19. Il résulte de tout ce qui précède que Mme A... n'est pas fondée à se plaindre que, par le jugement attaqué, la magistrate désignée par le tribunal administratif de Melun a rejeté ses demandes. Par voie de conséquence, ses conclusions aux fins d'injonction et celles relatives aux frais du litige ne peuvent qu'être rejetées.
DECIDE :
Article 1er : La requête de Mme A... est rejetée.
Article 2 : Le présent arrêt sera notifié à Mme B... A... et au ministre d'État, ministre de l'intérieur.
Copie en sera adressée au préfet du Val-de-Marne.
Délibéré après l'audience du 3 avril 2025, à laquelle siégeaient :
- M. Ivan Luben, président de chambre,
- M. Stéphane Diémert, président assesseur,
- Mme Irène Jasmin-Sverdlin, première conseillère.

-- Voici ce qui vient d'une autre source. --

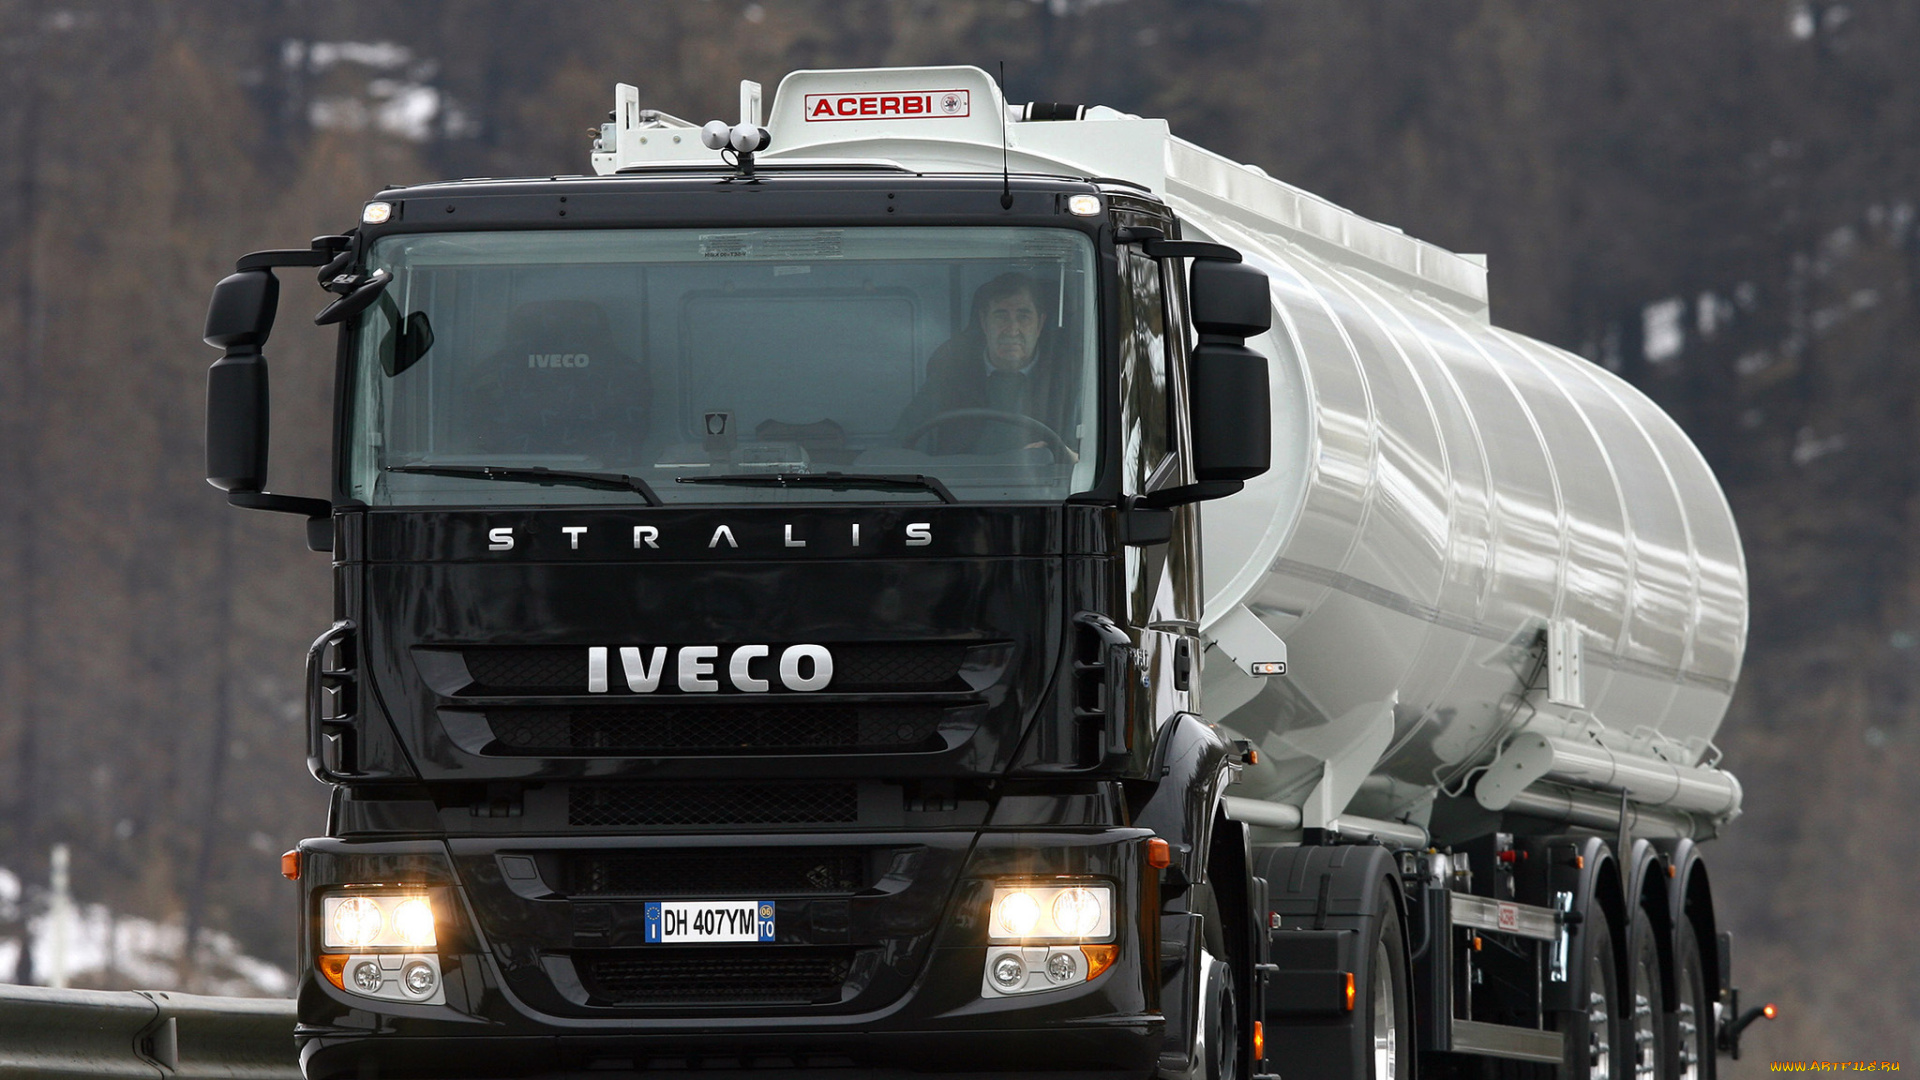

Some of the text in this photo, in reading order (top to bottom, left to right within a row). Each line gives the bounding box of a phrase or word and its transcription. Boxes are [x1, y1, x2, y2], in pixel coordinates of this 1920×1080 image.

[812, 96, 932, 117] ACERBI
[528, 353, 590, 368] IVECO
[488, 523, 932, 551] STRALIS
[588, 644, 834, 693] IVECO
[664, 909, 688, 936] DH
[693, 908, 755, 936] 407YM
[758, 921, 774, 938] TO

Rendu public par mise à disposition au greffe, le 15 mai 2025.
Le rapporteur,
S. DIÉMERTLe président,
I. LUBEN
La greffière,
Y. HERBER
La République mande et ordonne au ministre d'État, ministre de l'intérieur en ce qui le concerne ou à tous commissaires de justice à ce requis en ce qui concerne les voies de droit commun contre les parties privées, de pourvoir à l'exécution de la présente décision.